◆ Action item: Return each line of the data below exactly, omitting any pictures.

◆ Data for the task:
○ ○ ○

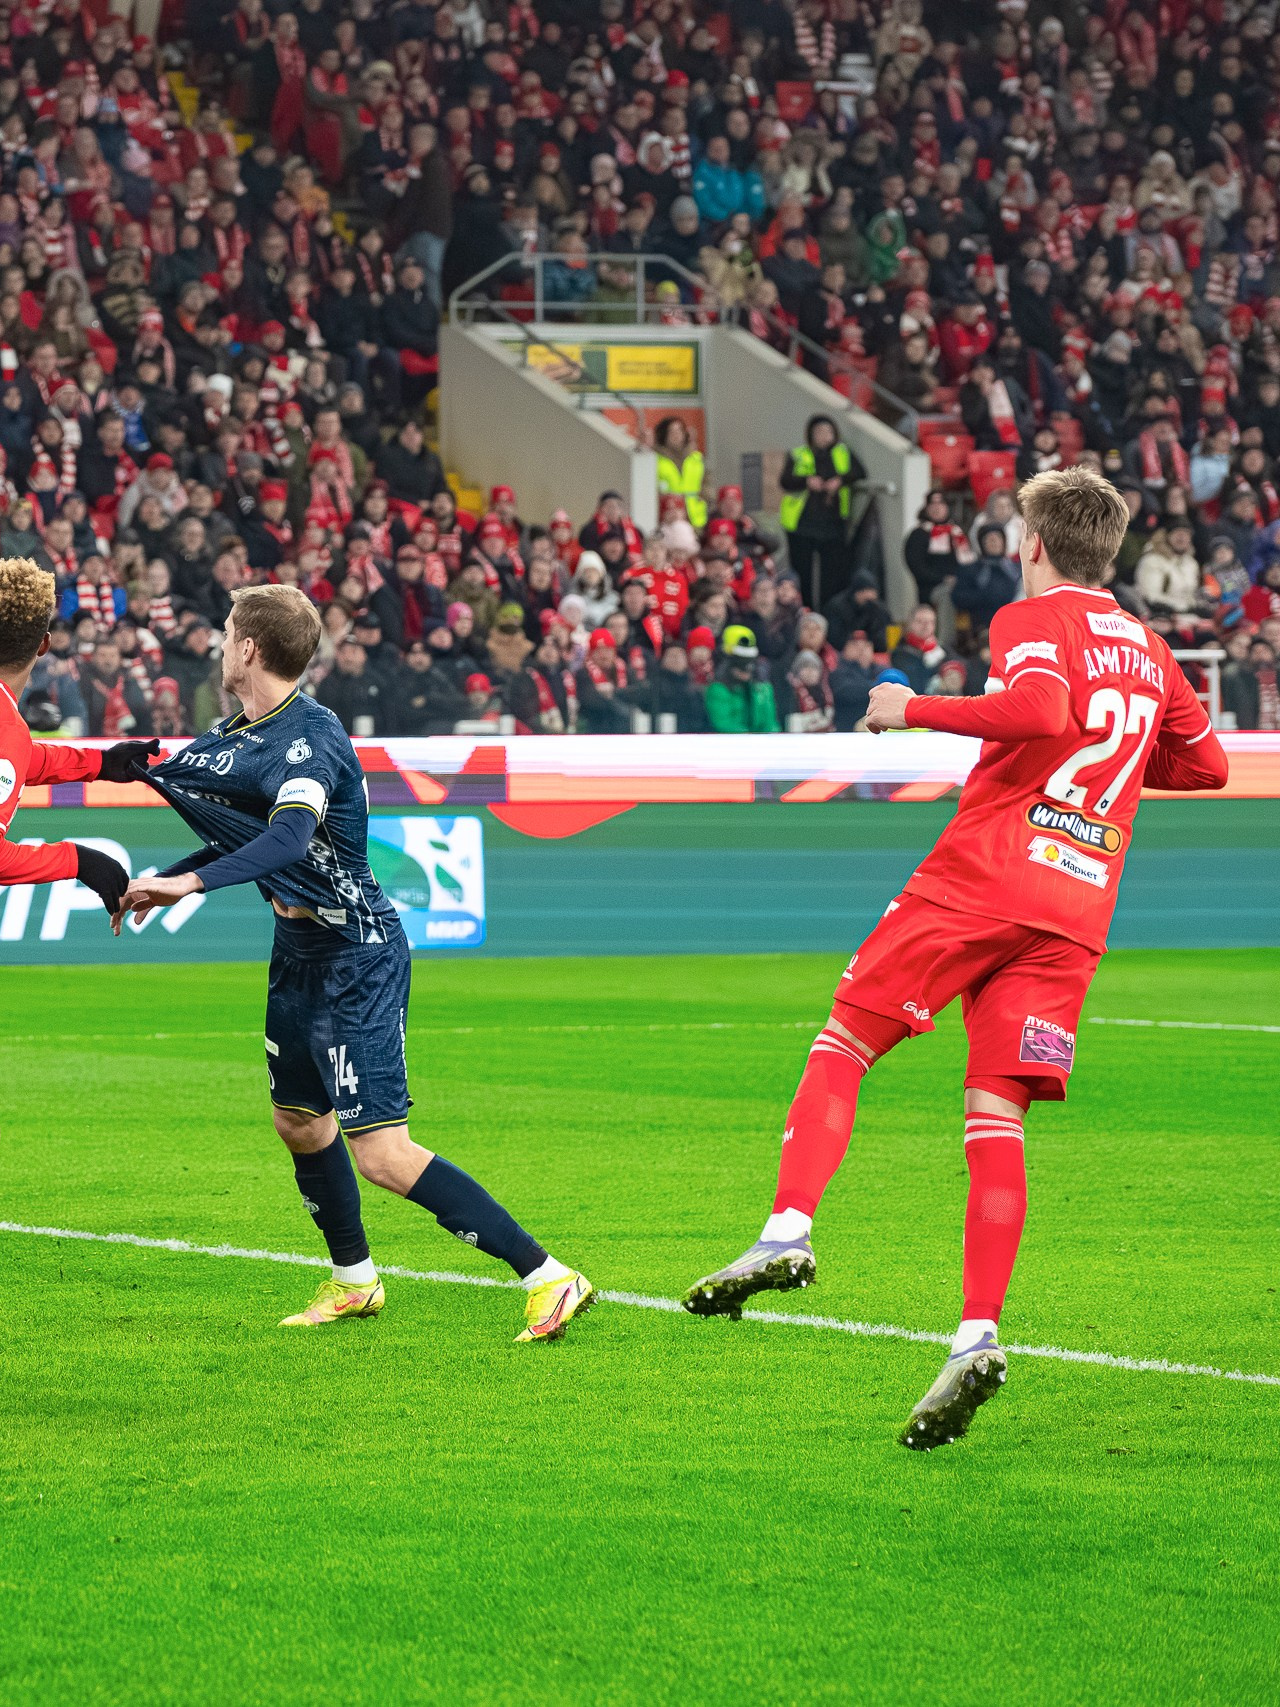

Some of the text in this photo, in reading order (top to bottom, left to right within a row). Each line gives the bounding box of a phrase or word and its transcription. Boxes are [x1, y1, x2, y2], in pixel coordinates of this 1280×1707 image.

[1083, 646, 1165, 695] ДМИТРИЕВ
[1044, 687, 1159, 818] 27
[1032, 805, 1103, 845] WINLINE
[1060, 858, 1098, 880] Маркет
[1024, 1014, 1075, 1042] ЛУКОЙЛ
[327, 1045, 359, 1097] 74
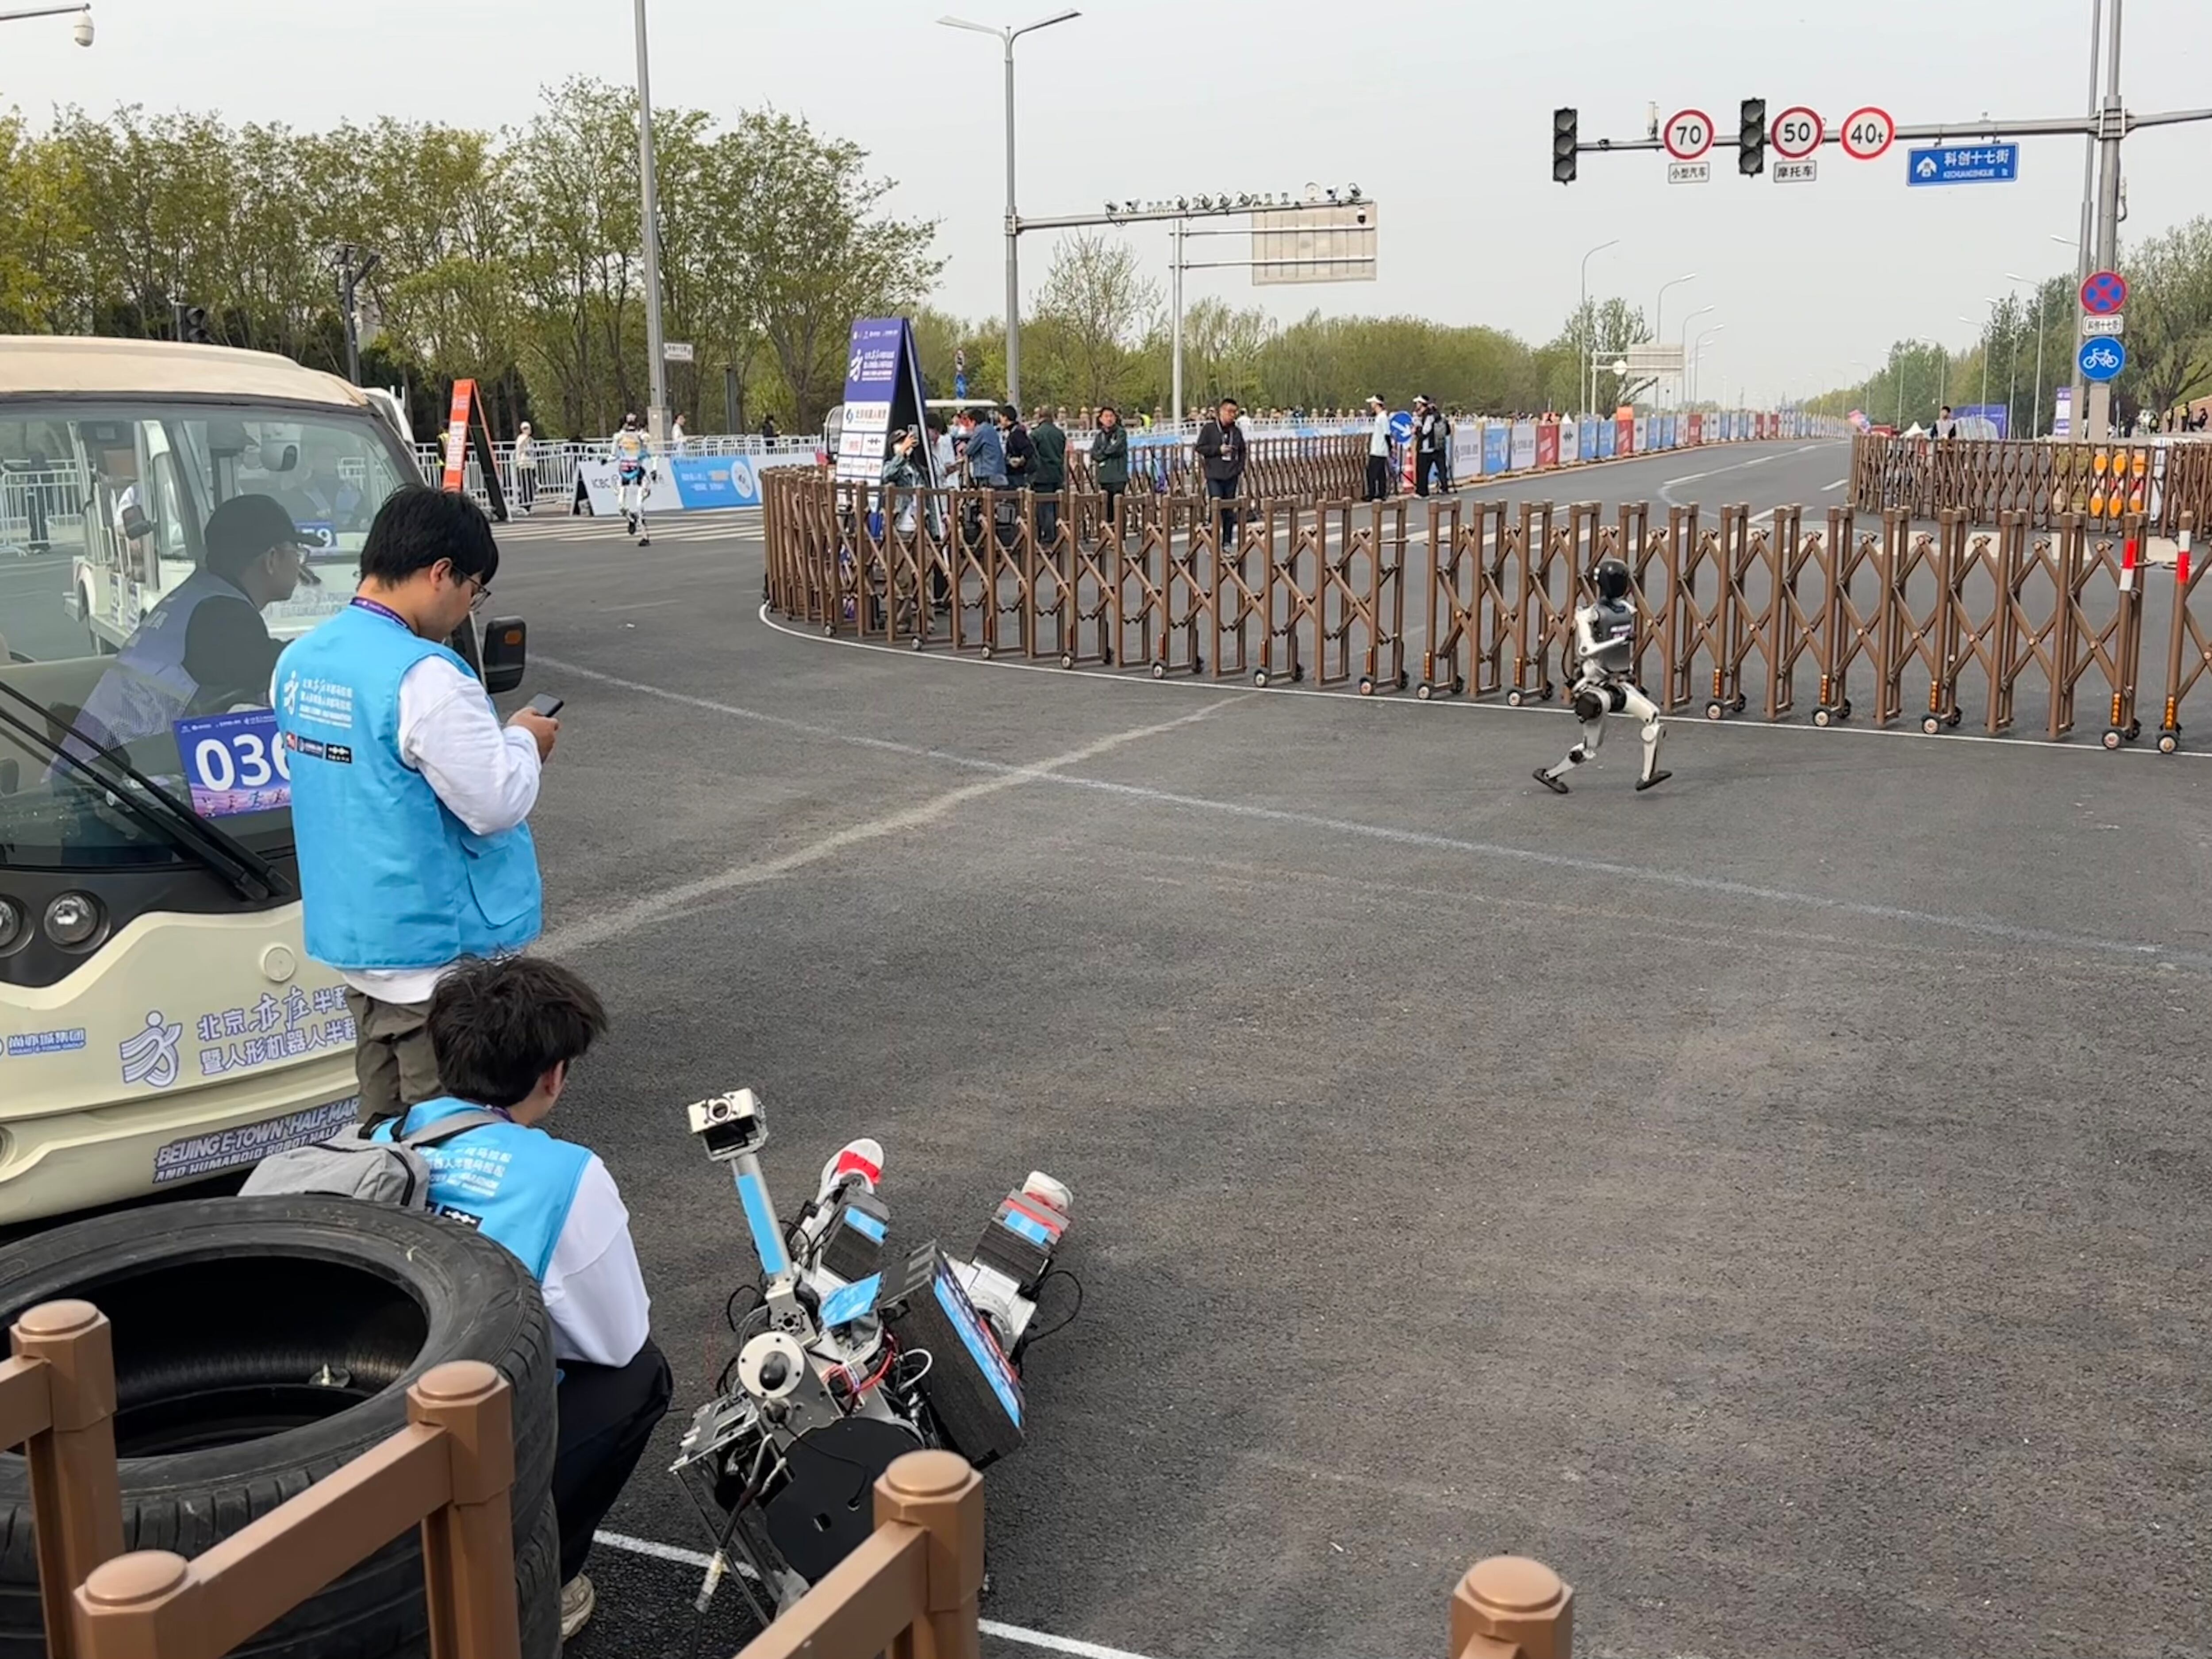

○ ○ ○

◆ Result of the exercise:
Some of the text in this photo, in reading order (top to bottom, left to right within a row). Each line gives the bounding box of a phrase or word and its transcription. Boxes are [x1, y1, x2, y2], in pixel coordinates of this 1280×1707 image.

[1083, 646, 1165, 695] ДМИТРИЕВ
[1044, 687, 1159, 818] 27
[1032, 805, 1103, 845] WINLINE
[1060, 858, 1098, 880] Маркет
[1024, 1014, 1075, 1042] ЛУКОЙЛ
[327, 1045, 359, 1097] 74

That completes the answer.